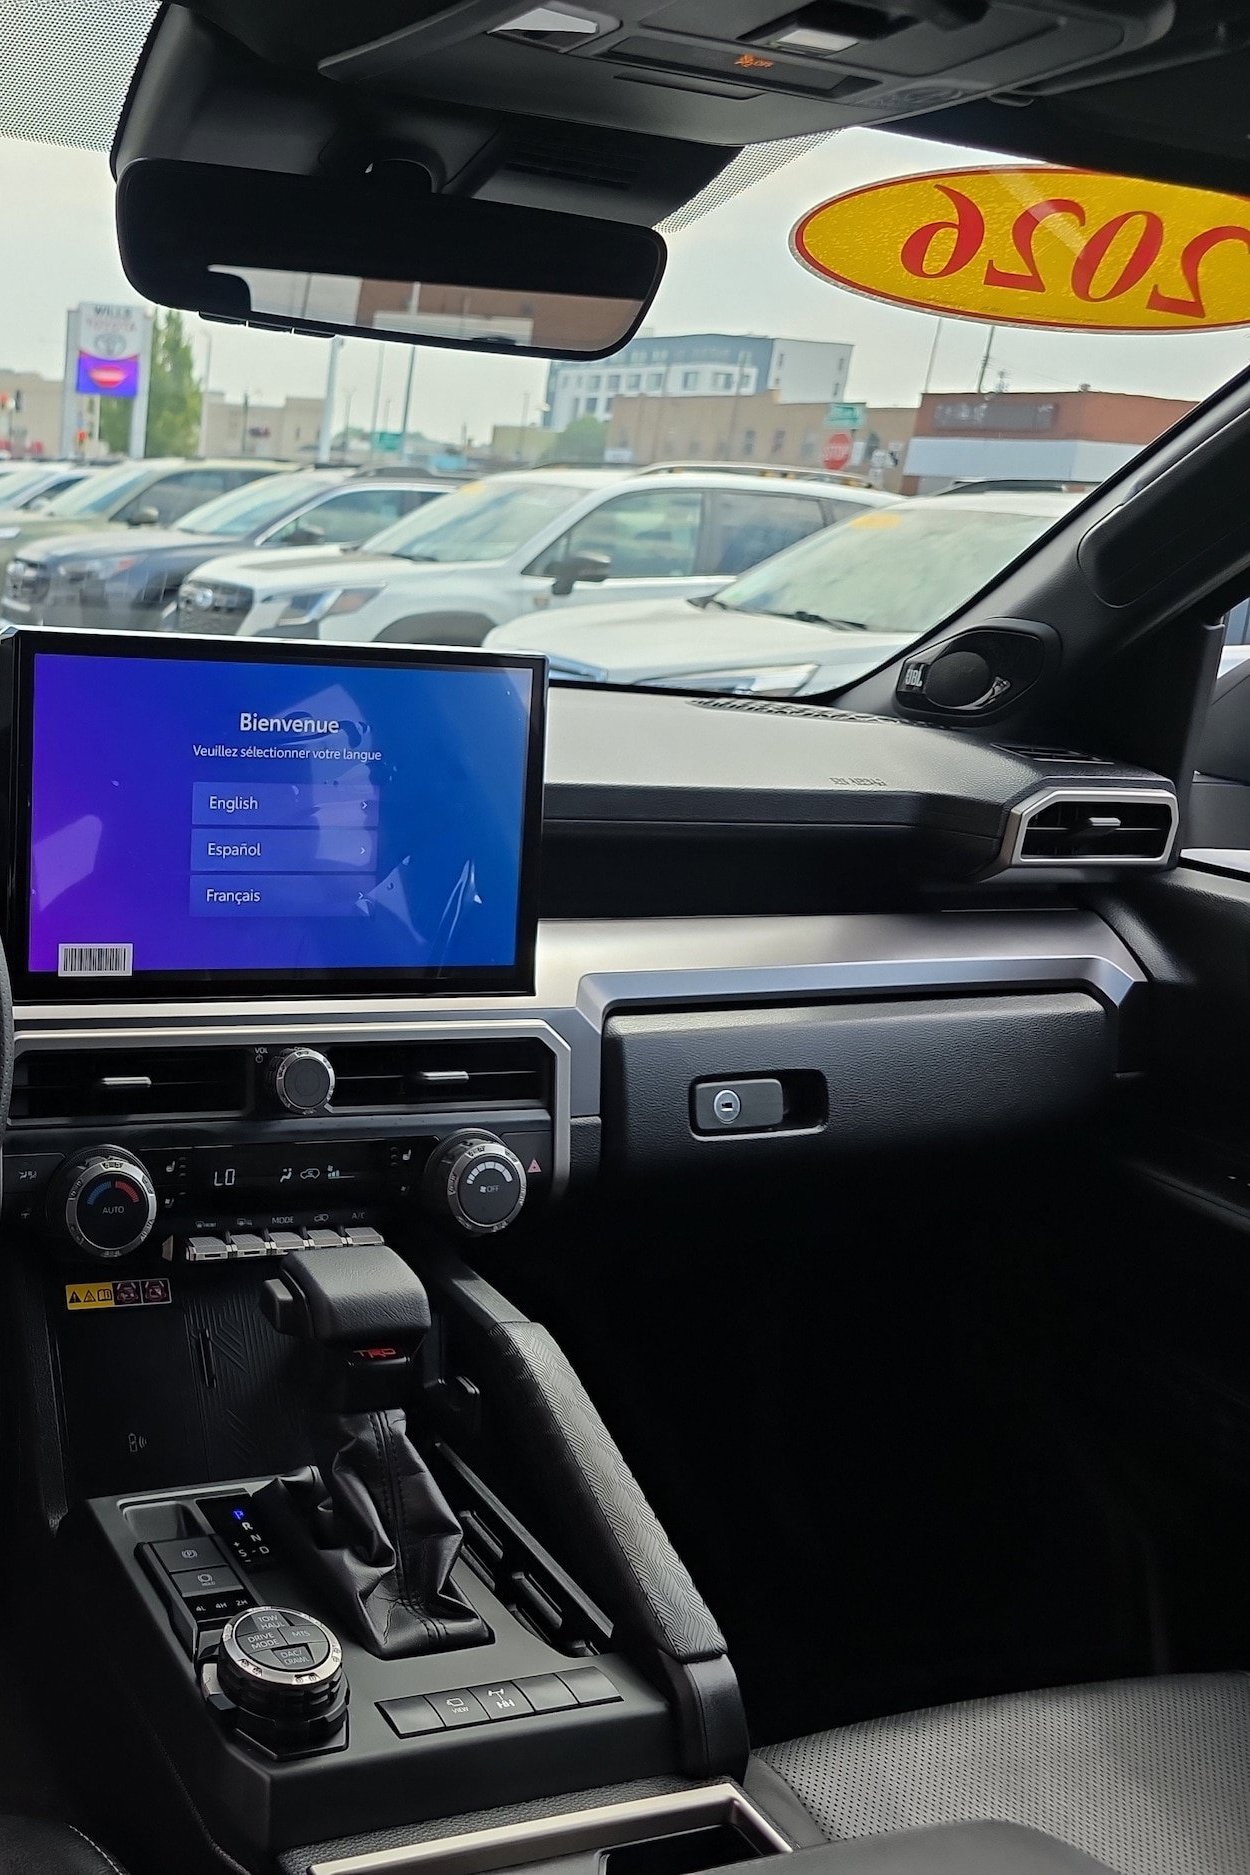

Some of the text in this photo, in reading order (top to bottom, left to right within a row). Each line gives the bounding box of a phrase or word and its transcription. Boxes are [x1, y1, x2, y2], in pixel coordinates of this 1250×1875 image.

[905, 664, 923, 687] JBL
[239, 712, 340, 733] Bienvenue
[192, 745, 382, 763] Veuillez sélectionner votre langue
[209, 796, 259, 813] English
[207, 842, 262, 859] Español
[206, 888, 261, 905] Français
[486, 1185, 500, 1193] OFF
[102, 1205, 125, 1214] AUTO
[271, 1216, 294, 1224] MODE
[351, 1211, 366, 1219] A/C
[353, 1348, 397, 1359] TRD
[233, 1509, 244, 1520] P
[241, 1522, 253, 1531] R
[250, 1533, 262, 1542] N
[258, 1545, 270, 1554] D
[257, 1614, 279, 1623] TOW
[261, 1621, 286, 1630] HAUL
[247, 1631, 275, 1643] DRIVE
[291, 1630, 311, 1638] MTS
[251, 1639, 280, 1650] MODE
[280, 1648, 302, 1659] DAC/
[283, 1656, 310, 1666] CRAWL
[451, 1706, 470, 1714] VIEW
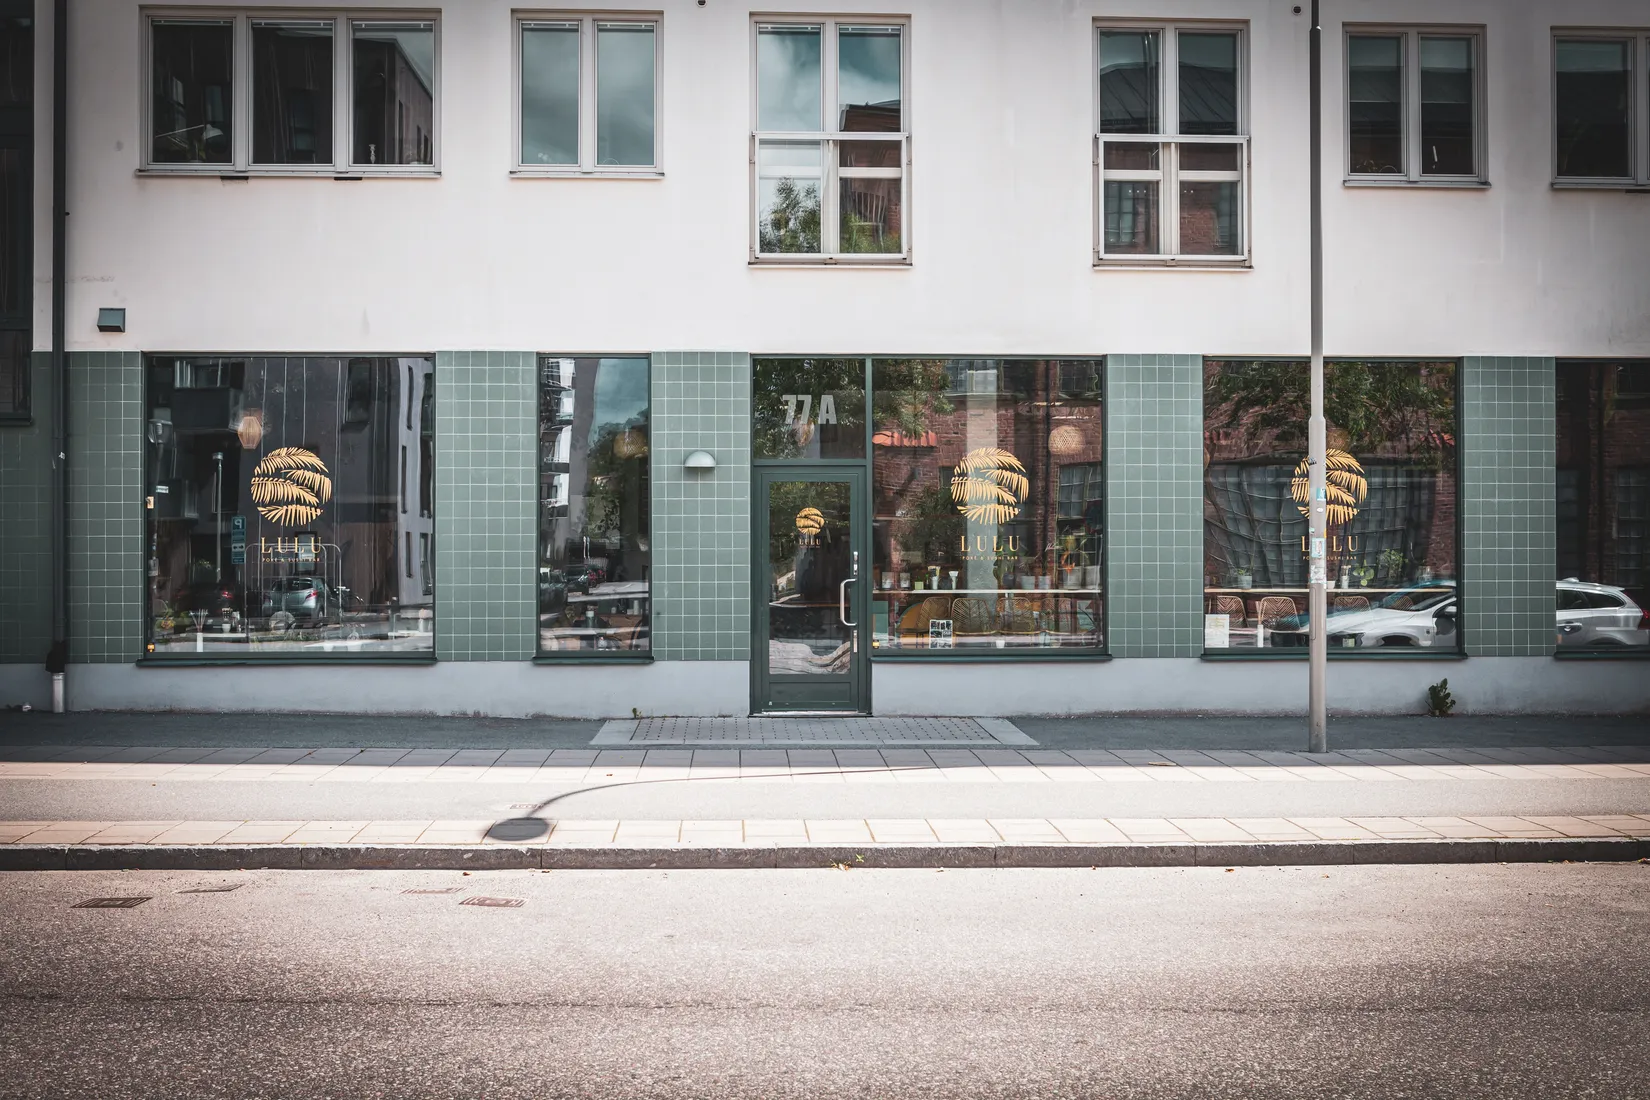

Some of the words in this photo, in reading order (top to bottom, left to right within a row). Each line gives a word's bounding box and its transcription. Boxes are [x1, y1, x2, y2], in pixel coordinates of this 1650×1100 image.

◇ ◇ ◇ ◇ ◇

* _What you should do_
Leave out the pictures and copy everything else in the records word for word.

* _Answer to this exercise_
Some of the text in this photo, in reading order (top to bottom, left to right within a row). Each line gives the bounding box of a phrase or word and its transcription. Boxes are [x1, y1, x2, y2], in pixel coordinates of this 1250×1875 image.

[905, 664, 923, 687] JBL
[239, 712, 340, 733] Bienvenue
[192, 745, 382, 763] Veuillez sélectionner votre langue
[209, 796, 259, 813] English
[207, 842, 262, 859] Español
[206, 888, 261, 905] Français
[486, 1185, 500, 1193] OFF
[102, 1205, 125, 1214] AUTO
[271, 1216, 294, 1224] MODE
[351, 1211, 366, 1219] A/C
[353, 1348, 397, 1359] TRD
[233, 1509, 244, 1520] P
[241, 1522, 253, 1531] R
[250, 1533, 262, 1542] N
[258, 1545, 270, 1554] D
[257, 1614, 279, 1623] TOW
[261, 1621, 286, 1630] HAUL
[247, 1631, 275, 1643] DRIVE
[291, 1630, 311, 1638] MTS
[251, 1639, 280, 1650] MODE
[280, 1648, 302, 1659] DAC/
[283, 1656, 310, 1666] CRAWL
[451, 1706, 470, 1714] VIEW

Some of the words in this photo, in reading order (top to bottom, left to right within a row). Each line gives a word's bounding box and its transcription. Boxes are [x1, y1, x2, y2], in pixel coordinates of this 1650×1100 image.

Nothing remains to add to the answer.